GTP-binding protein Di-RAS3 diminishes the migration and invasion of non-small cell lung cancer by inhibiting the RAS/extracellular-regulated kinase pathway.

The GTP-binding protein Di-Ras3 (DIRAS3) has been established as a maternally imprinted tumor suppressor gene. Growing evidence has correlated the DIRAS3 gene with tumor progression, but its role in non-small cell lung cancer (NSCLC) is rarely reported. Accordingly, the current study sought to evaluate the role and mechanism of DIRAS3 in NSCLC cell progression. First, we uncovered that DIRAS3 was poorly expressed in NSCLC tissues and cells. Subsequently, we examined the effect of DIRAS3 over-expression or knockdown in different lung cancer cells on their malignant phenotypes, with the help of transwell cell migration and invasion assays, and Western blot analyses.

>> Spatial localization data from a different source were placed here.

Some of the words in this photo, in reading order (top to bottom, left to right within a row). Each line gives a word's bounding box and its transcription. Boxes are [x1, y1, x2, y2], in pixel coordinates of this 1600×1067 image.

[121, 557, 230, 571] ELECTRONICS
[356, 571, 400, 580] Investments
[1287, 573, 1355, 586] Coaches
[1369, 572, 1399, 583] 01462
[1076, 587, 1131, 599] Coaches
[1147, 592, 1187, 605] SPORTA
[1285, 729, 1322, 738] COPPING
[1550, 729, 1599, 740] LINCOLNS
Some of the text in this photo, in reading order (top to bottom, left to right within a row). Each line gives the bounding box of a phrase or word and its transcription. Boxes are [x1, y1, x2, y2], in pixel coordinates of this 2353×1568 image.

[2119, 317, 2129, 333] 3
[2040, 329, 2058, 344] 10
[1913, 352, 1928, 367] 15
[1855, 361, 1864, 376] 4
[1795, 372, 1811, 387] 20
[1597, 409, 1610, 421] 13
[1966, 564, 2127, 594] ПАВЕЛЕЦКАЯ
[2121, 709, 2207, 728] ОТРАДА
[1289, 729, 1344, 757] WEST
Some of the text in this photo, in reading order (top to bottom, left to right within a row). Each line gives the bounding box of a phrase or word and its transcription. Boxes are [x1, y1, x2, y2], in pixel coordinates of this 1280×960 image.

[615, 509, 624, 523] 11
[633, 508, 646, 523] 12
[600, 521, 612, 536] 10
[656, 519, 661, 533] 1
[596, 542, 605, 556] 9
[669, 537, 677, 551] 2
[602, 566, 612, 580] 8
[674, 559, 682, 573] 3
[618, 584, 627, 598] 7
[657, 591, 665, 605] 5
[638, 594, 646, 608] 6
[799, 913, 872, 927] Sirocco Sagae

It was found that the over-expression of DIRAS3 inhibited the migration and invasion of A549 cells or H520 cells, whereas knockdown of DIRAS3 led to opposing trends. In addition, over-expression of DIRAS3 attenuated the tumor growth and reduced the number of lung tumor nodules. Mechanistically, DIRAS3 may inhibit the migration and invasion of NSCLC cells by inhibiting the RAS/extracellular-regulated kinase (ERK) signaling pathway. Collectively, our findings indicate that DIRAS3 could serve as a potential therapeutic target biomarker for NSCLC.